Continuo a caminhar, sem direção, sem conseguir compreender o que está à minha volta. Escuridão completa, sólida. Onde estou? Tento lembrar de como cheguei até aquele local, em meio a pensamentos desconexos. Consigo visualizar alguns contornos pálidos, acredito, mas que lugar seria esse? Estou sozinho e minha cabeça me atordoa, prossigo tentando caminhar no escuro, tateando às cegas, com receio de esbarrar em alguma coisa. Confusão em minha mente, cenas do passado me perseguem, nem sei bem diferenciar o que penso daquilo que vejo, se é que vejo realmente alguma coisa. Ouço algo? Sim, talvez, se assemelham a... sussurros. Posso estar imaginando coisas. Sigo, trôpego, em meio ao intenso negrume. De repente uma sensação diferente, alguém está ali, no escuro, a me espreitar. Quem é você? Tenho medo. Seja lá o que for, se aproxima. Tudo é escuridão. Aquela presença me provoca arrepios, me faz mal. Acelero meus passos, logo começo a correr. Não sei bem se chego a algum lugar de fato, mas continuo, corro e corro. Depois de algum tempo creio ter conseguido me desvencilhar daquela presença incômoda, paro de correr tentando perceber algum sinal do meu perseguidor. Terei eu sido realmente perseguido? Talvez não. De repente, a um palmo do meu ouvido, um grito estridente, arrepiante, ensurdecedor.
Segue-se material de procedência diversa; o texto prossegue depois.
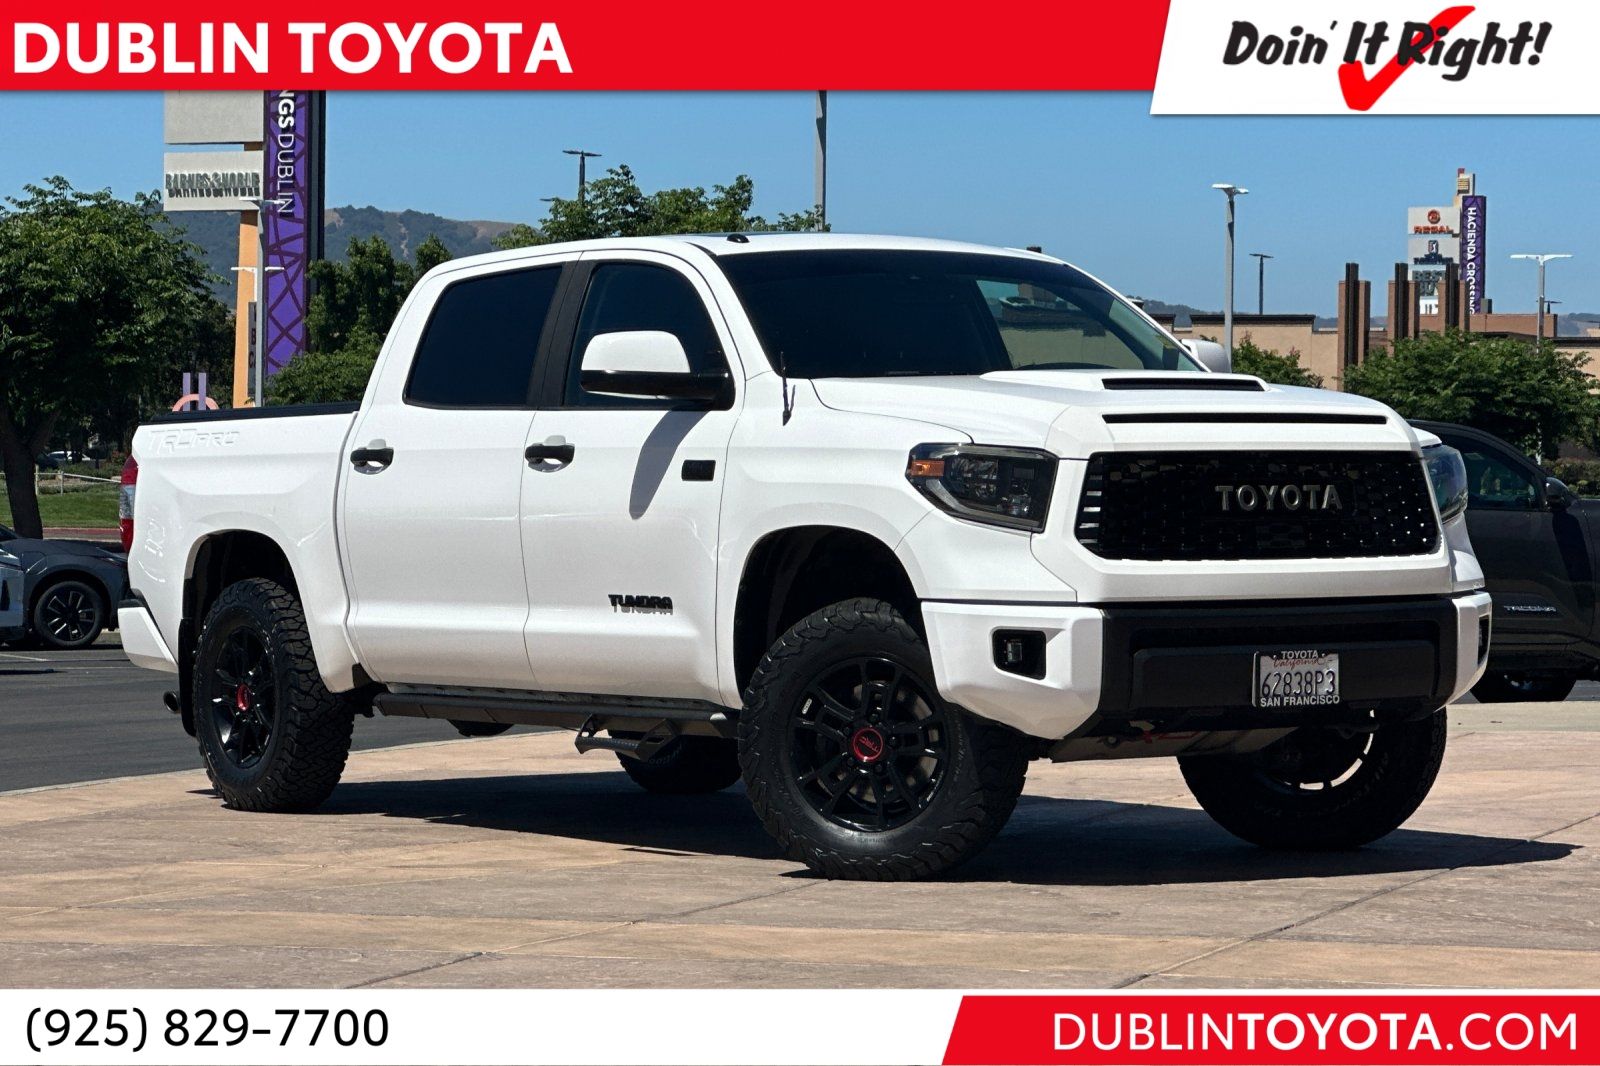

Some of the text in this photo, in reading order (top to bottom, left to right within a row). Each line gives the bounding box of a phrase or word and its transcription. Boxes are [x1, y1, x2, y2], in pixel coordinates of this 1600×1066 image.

[277, 133, 294, 213] DUBLIN
[1467, 207, 1477, 260] HACIENDA
[1215, 484, 1342, 511] TOYOTA
[608, 594, 673, 610] TUNDRA
[1281, 650, 1318, 659] TOYOTA
[1262, 670, 1335, 698] 62838P3
[1260, 695, 1340, 708] SAN FRANCISCO
Meu coração parece saltar do peito, nem me atrevo a olhar para o lado, fujo novamente como quem foge da morte. Tento chamar alguém, ninguém ouve. Socorro, socorro! Nem sei se grito ou é minha mente que me soa, me agride. Estarei enlouquecendo? Desespero, medo, perco a noção do tempo, pareço estar há horas nesta situação, ou seriam dias, meses? Minhas memórias me machucam, atos praticados, erros cometidos. Ouço ruídos, vozes, que me deixam apavorado. O que será isso? Medo, muito medo. Porque não consigo esquecer? Porque essas coisas me assaltam a mente? Sinto frio, dor, culpa. Quem são vocês? Quem está aí? Estão me acusando, serão as vozes ou a minha consciência? Ou é a mesma coisa? Minha cabeça parece a ponto de explodir em dor aguda. Tento fazer uma oração, é difícil, não consigo concatenar idéias, apenas confusão e angústia. Entre soluços, me ajoelho abruptamente, Jesus amado, perdão, perdão, perdão!
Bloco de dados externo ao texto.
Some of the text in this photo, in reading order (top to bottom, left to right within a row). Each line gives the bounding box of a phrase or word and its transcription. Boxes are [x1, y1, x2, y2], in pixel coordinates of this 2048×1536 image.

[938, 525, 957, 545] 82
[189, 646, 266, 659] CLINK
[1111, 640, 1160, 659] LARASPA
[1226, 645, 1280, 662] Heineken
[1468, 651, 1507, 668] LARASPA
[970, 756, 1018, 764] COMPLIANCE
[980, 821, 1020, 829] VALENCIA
Algo mudou. Parece ter passado algum tempo. Silêncio. Imagens, sensações distantes, vagas, desaparecem rápido, por completo enfim. Teria eu sonhado? Não lembro. Um sentimento de leveza me inunda o peito. Respiro profundamente o ar puro que me preenche os pulmões, e a alma. Ao longe, passarinhos. Equilíbrio, paz. Com os olhos ainda fechados percebo uma mudança no ambiente, certa luminosidade toca meu rosto. Sinto a maciez do lençol a me afagar o corpo, confortável sensação. Abro meus olhos, aos poucos, para a suave luz nascente que me atinge, vinda da janela entreaberta do meu quarto. Independentemente de meus atos, nova chance me fora concedida. Uma lágrima solitária escorre, vagarosa, a refletir os primeiros raios de um novo dia.